- [Instructions to follow]
Transcribe every line of the entries exactly.

- [The data]
━━━━━━

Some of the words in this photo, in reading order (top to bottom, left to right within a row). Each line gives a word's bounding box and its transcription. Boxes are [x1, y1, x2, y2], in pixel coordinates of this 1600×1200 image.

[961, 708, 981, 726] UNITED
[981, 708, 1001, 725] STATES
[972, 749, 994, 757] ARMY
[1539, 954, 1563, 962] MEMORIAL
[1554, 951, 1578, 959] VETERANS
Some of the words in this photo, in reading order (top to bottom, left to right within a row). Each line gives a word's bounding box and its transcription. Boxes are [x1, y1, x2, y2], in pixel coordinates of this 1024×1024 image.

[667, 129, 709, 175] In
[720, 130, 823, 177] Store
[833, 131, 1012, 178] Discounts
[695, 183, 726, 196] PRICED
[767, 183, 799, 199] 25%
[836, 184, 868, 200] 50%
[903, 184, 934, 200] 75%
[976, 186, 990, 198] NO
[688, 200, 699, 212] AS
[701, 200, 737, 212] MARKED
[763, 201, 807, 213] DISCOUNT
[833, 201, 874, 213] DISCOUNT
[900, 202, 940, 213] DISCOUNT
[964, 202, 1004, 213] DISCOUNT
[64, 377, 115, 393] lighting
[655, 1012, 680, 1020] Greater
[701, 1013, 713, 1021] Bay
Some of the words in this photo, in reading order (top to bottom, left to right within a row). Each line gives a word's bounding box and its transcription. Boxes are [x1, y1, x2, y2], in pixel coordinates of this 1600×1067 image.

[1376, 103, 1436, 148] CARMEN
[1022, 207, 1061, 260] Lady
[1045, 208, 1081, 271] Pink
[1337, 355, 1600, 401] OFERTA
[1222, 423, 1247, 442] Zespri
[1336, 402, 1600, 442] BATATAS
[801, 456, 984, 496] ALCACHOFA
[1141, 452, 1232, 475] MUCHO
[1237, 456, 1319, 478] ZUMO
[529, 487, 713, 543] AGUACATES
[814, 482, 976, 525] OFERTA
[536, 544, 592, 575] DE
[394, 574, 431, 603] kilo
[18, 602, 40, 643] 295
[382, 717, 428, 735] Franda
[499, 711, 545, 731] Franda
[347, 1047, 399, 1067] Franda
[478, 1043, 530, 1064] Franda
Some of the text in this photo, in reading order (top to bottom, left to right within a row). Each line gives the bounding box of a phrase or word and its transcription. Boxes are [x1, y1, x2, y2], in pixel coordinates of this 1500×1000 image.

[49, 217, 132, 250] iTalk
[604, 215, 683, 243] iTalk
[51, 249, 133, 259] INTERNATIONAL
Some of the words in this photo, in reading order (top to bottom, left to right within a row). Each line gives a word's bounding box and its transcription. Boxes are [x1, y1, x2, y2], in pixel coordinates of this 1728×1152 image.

━━━━━━

- [Task result]
Some of the words in this photo, in reading order (top to bottom, left to right within a row). Each line gives a word's bounding box and its transcription. Boxes are [x1, y1, x2, y2], in pixel coordinates of this 1600×1200 image.

[961, 708, 981, 726] UNITED
[981, 708, 1001, 725] STATES
[972, 749, 994, 757] ARMY
[1539, 954, 1563, 962] MEMORIAL
[1554, 951, 1578, 959] VETERANS
Some of the words in this photo, in reading order (top to bottom, left to right within a row). Each line gives a word's bounding box and its transcription. Boxes are [x1, y1, x2, y2], in pixel coordinates of this 1024×1024 image.

[667, 129, 709, 175] In
[720, 130, 823, 177] Store
[833, 131, 1012, 178] Discounts
[695, 183, 726, 196] PRICED
[767, 183, 799, 199] 25%
[836, 184, 868, 200] 50%
[903, 184, 934, 200] 75%
[976, 186, 990, 198] NO
[688, 200, 699, 212] AS
[701, 200, 737, 212] MARKED
[763, 201, 807, 213] DISCOUNT
[833, 201, 874, 213] DISCOUNT
[900, 202, 940, 213] DISCOUNT
[964, 202, 1004, 213] DISCOUNT
[64, 377, 115, 393] lighting
[655, 1012, 680, 1020] Greater
[701, 1013, 713, 1021] Bay
Some of the words in this photo, in reading order (top to bottom, left to right within a row). Each line gives a word's bounding box and its transcription. Boxes are [x1, y1, x2, y2], in pixel coordinates of this 1600×1067 image.

[1376, 103, 1436, 148] CARMEN
[1022, 207, 1061, 260] Lady
[1045, 208, 1081, 271] Pink
[1337, 355, 1600, 401] OFERTA
[1222, 423, 1247, 442] Zespri
[1336, 402, 1600, 442] BATATAS
[801, 456, 984, 496] ALCACHOFA
[1141, 452, 1232, 475] MUCHO
[1237, 456, 1319, 478] ZUMO
[529, 487, 713, 543] AGUACATES
[814, 482, 976, 525] OFERTA
[536, 544, 592, 575] DE
[394, 574, 431, 603] kilo
[18, 602, 40, 643] 295
[382, 717, 428, 735] Franda
[499, 711, 545, 731] Franda
[347, 1047, 399, 1067] Franda
[478, 1043, 530, 1064] Franda
Some of the text in this photo, in reading order (top to bottom, left to right within a row). Each line gives the bounding box of a phrase or word and its transcription. Boxes are [x1, y1, x2, y2], in pixel coordinates of this 1500×1000 image.

[49, 217, 132, 250] iTalk
[604, 215, 683, 243] iTalk
[51, 249, 133, 259] INTERNATIONAL
Some of the words in this photo, in reading order (top to bottom, left to right within a row). Each line gives a word's bounding box and its transcription. Boxes are [x1, y1, x2, y2], in pixel coordinates of this 1728×1152 image.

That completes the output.